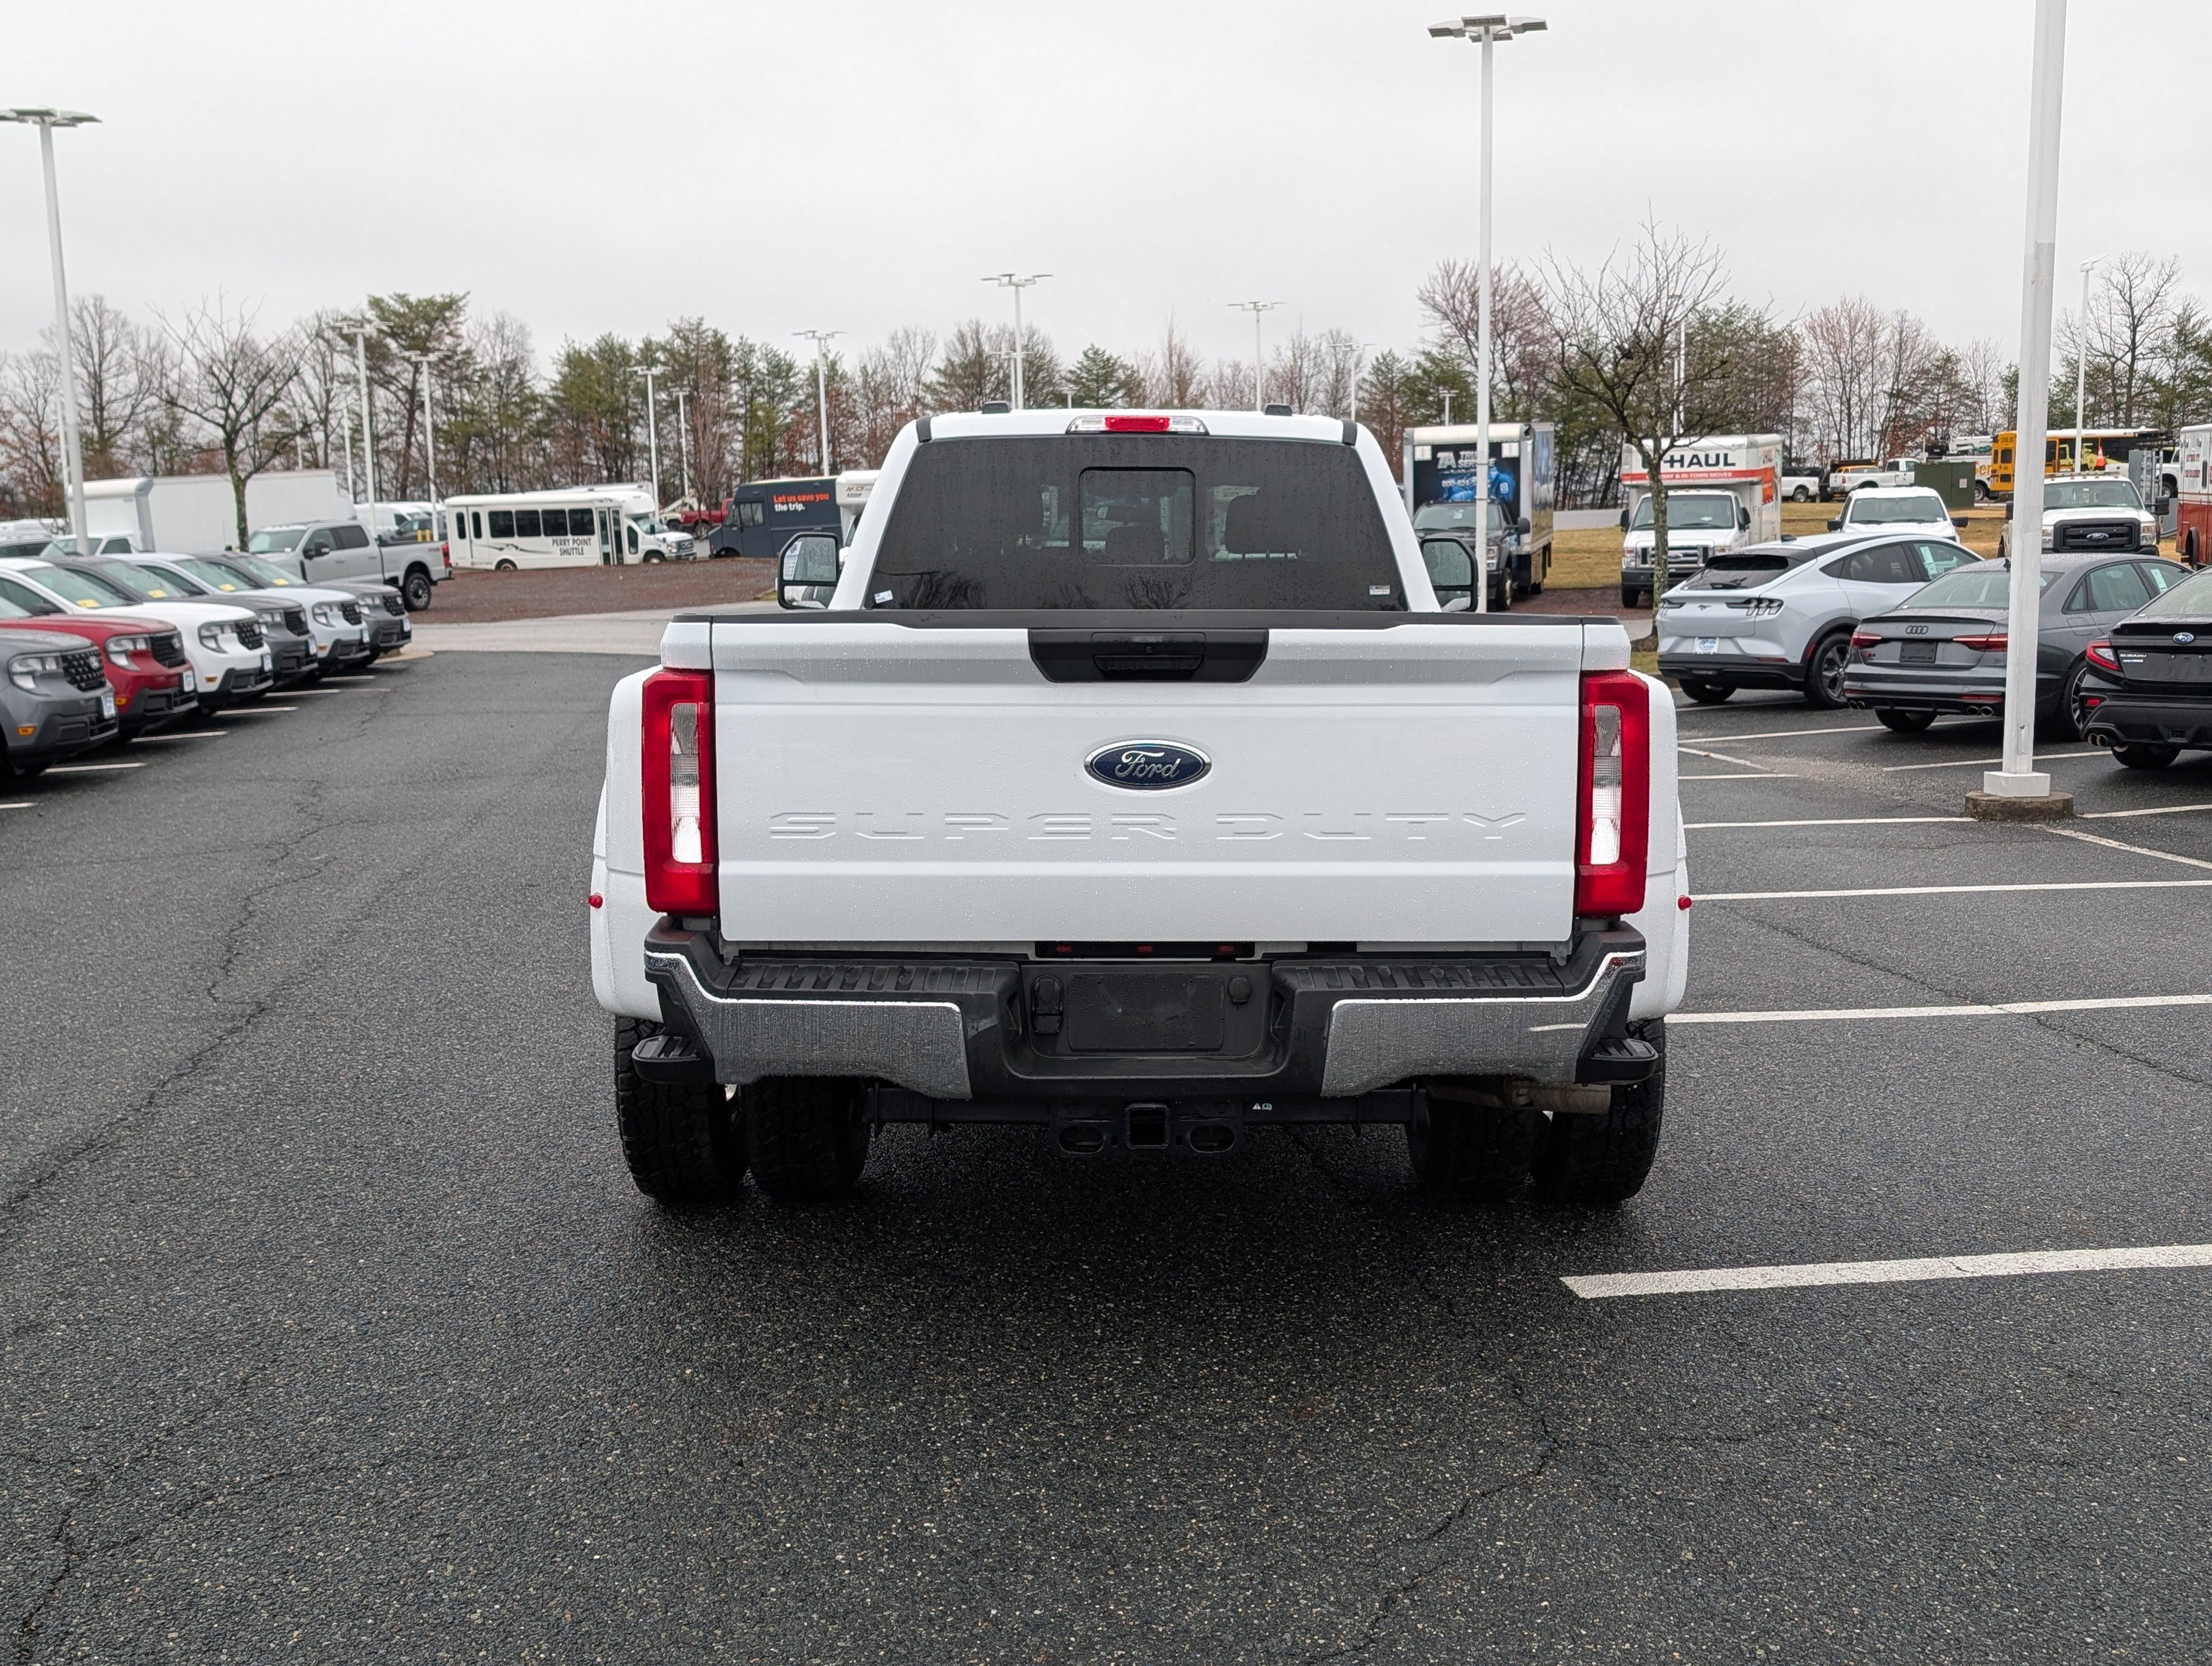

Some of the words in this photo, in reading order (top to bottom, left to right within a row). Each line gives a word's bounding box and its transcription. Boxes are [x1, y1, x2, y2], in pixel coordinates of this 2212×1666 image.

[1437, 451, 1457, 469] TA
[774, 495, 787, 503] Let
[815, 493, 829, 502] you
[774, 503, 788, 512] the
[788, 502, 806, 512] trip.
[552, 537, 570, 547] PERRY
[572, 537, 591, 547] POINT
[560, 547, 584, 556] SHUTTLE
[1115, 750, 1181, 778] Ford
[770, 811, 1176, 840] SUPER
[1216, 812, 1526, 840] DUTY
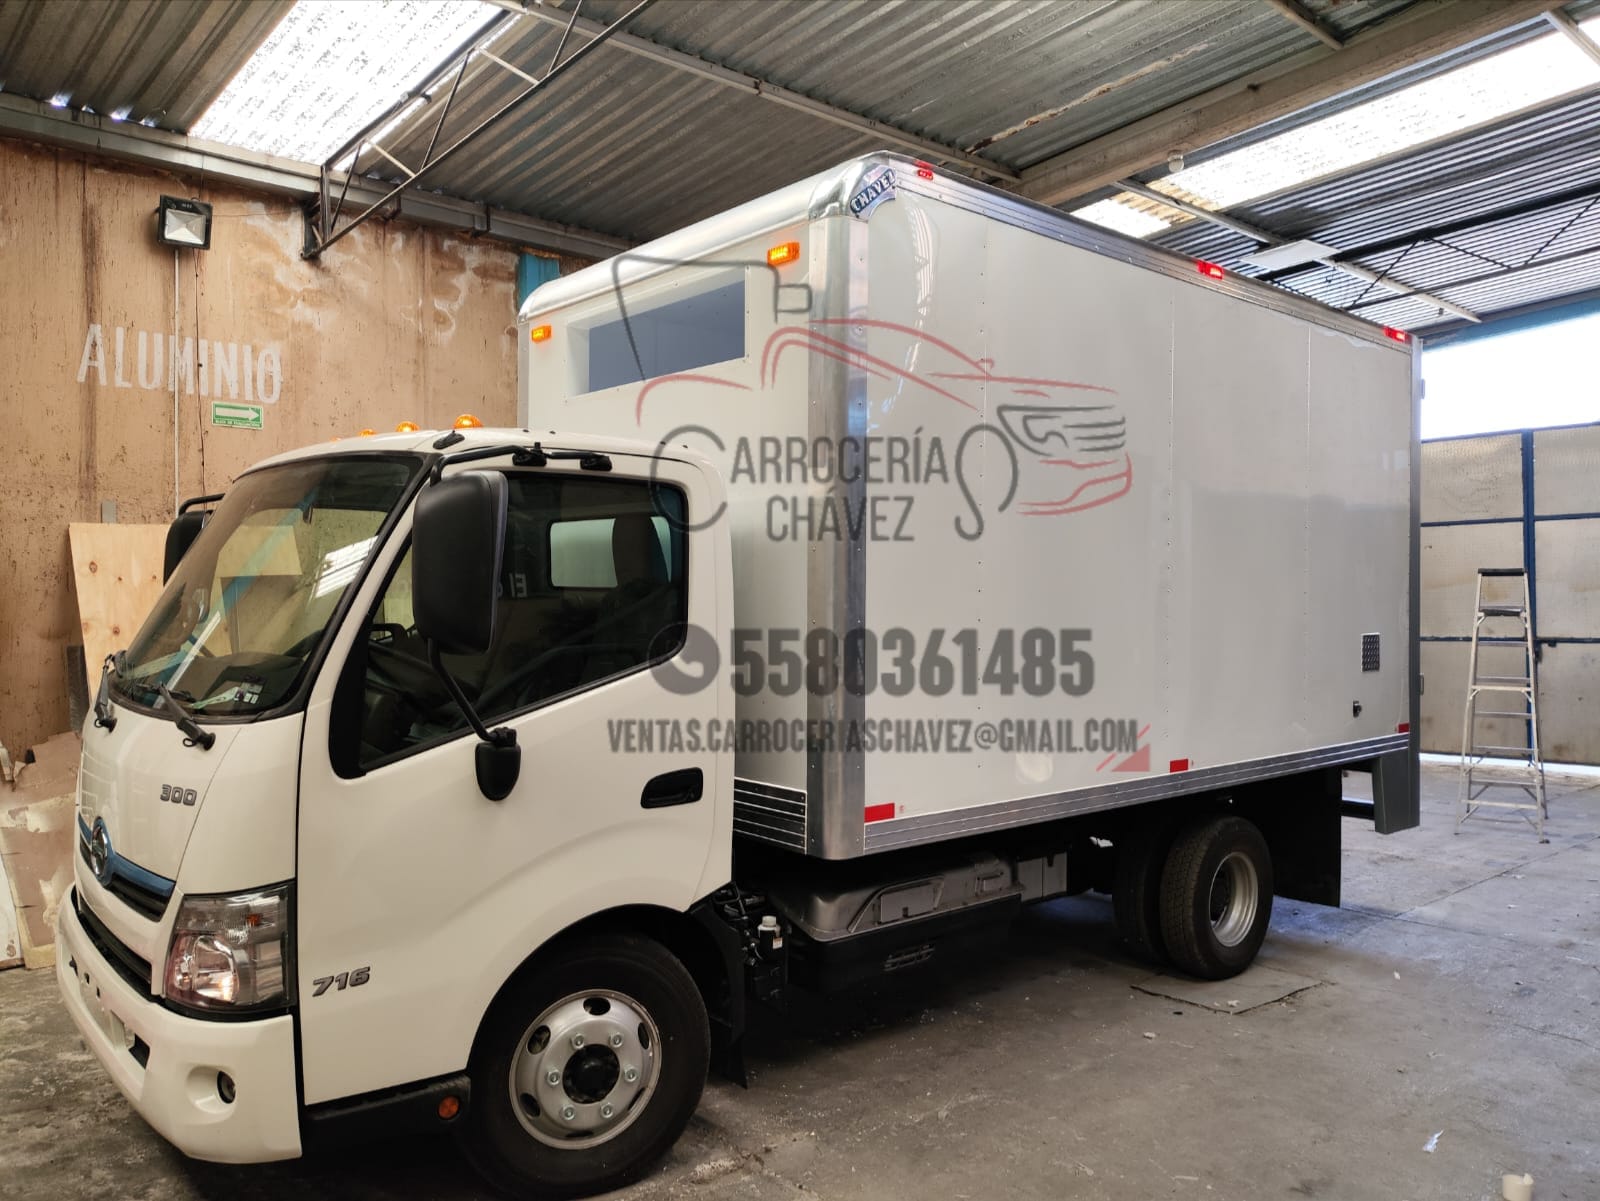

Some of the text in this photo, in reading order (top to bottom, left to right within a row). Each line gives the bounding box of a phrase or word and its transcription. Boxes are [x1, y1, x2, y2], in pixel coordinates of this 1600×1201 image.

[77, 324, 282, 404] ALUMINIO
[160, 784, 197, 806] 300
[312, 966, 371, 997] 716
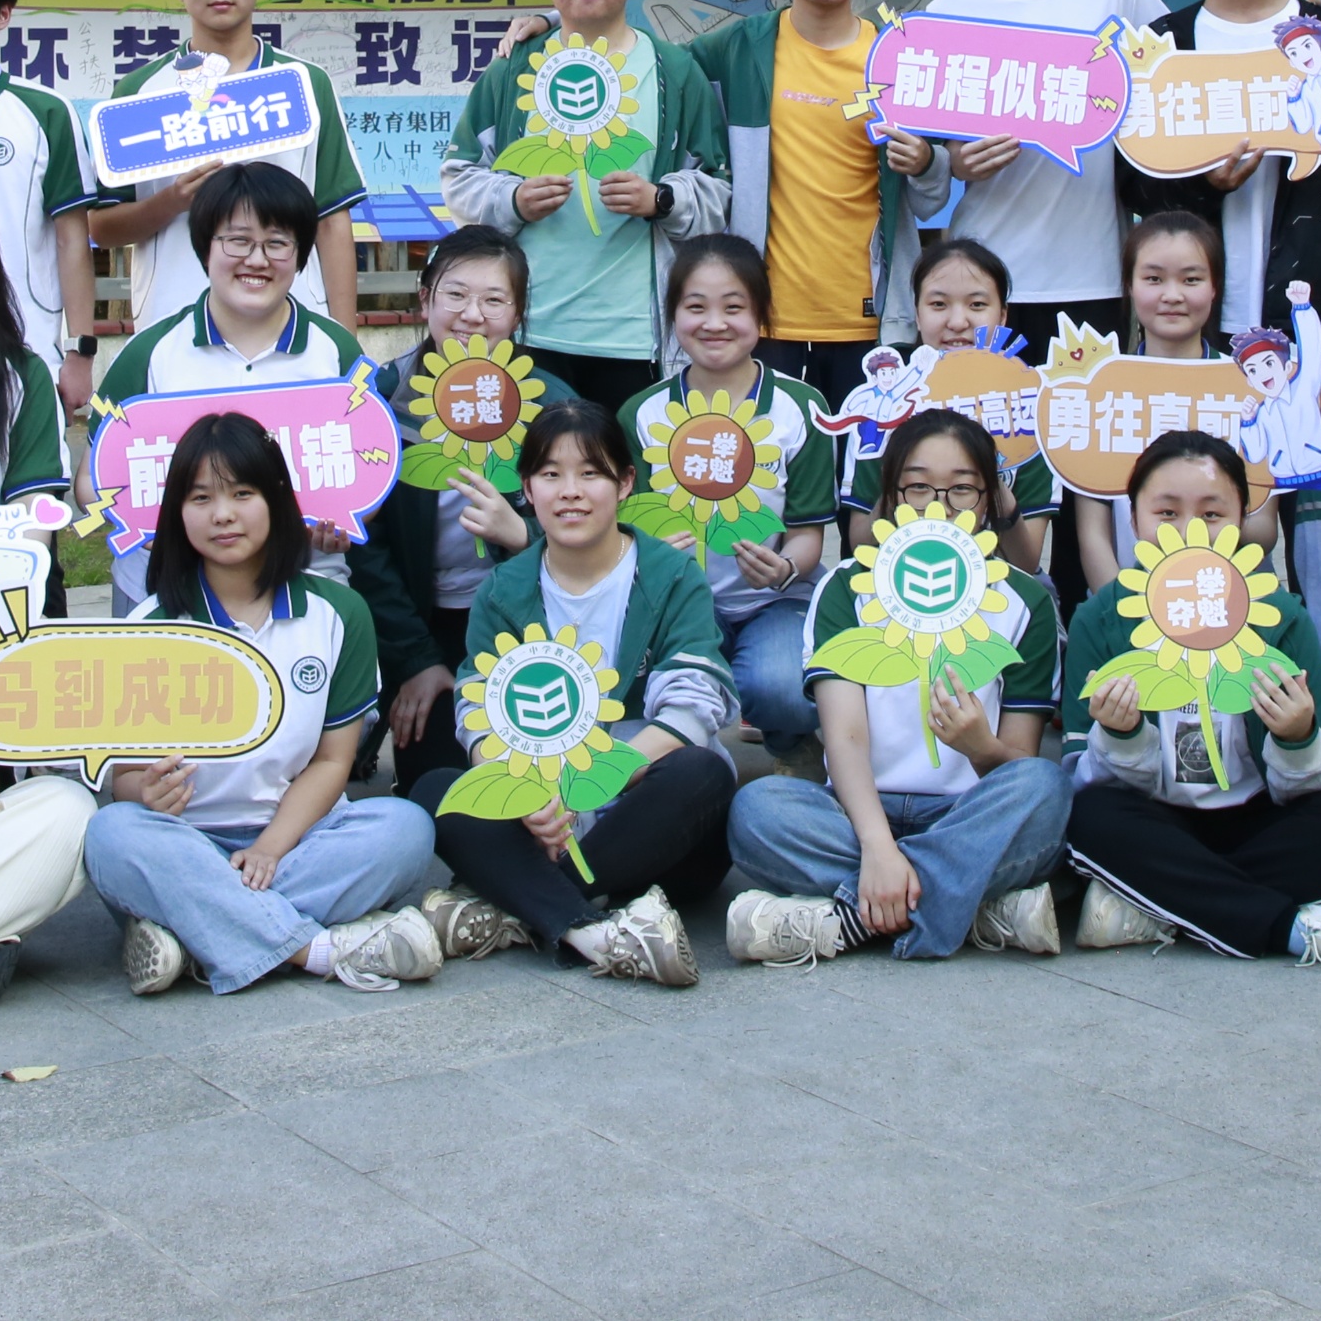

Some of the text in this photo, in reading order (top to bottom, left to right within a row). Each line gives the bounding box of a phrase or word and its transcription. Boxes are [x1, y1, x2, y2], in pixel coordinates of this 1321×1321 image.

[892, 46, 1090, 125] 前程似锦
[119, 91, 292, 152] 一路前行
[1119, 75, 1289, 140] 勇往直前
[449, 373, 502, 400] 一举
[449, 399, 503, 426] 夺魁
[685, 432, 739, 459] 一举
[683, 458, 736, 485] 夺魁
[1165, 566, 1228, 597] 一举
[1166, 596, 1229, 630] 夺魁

(Work order) Pictures are to be left out; otherwise, copy exactly each line from the one containing "this 1600×1201 image." through the last line of the listing.

(Result of the task)
Some of the text in this photo, in reading order (top to bottom, left to right within a row). Each line gives the bounding box of a phrase or word and its transcription. Boxes are [x1, y1, x2, y2], in pixel coordinates of this 1600×1201 image.

[77, 324, 282, 404] ALUMINIO
[160, 784, 197, 806] 300
[312, 966, 371, 997] 716

Some of the text in this photo, in reading order (top to bottom, left to right within a row). Each line gives the bounding box of a phrase or word and its transcription. Boxes are [x1, y1, x2, y2], in pixel coordinates of this 1321×1321 image.

[892, 46, 1090, 125] 前程似锦
[119, 91, 292, 152] 一路前行
[1119, 75, 1289, 140] 勇往直前
[449, 373, 502, 400] 一举
[449, 399, 503, 426] 夺魁
[685, 432, 739, 459] 一举
[683, 458, 736, 485] 夺魁
[1165, 566, 1228, 597] 一举
[1166, 596, 1229, 630] 夺魁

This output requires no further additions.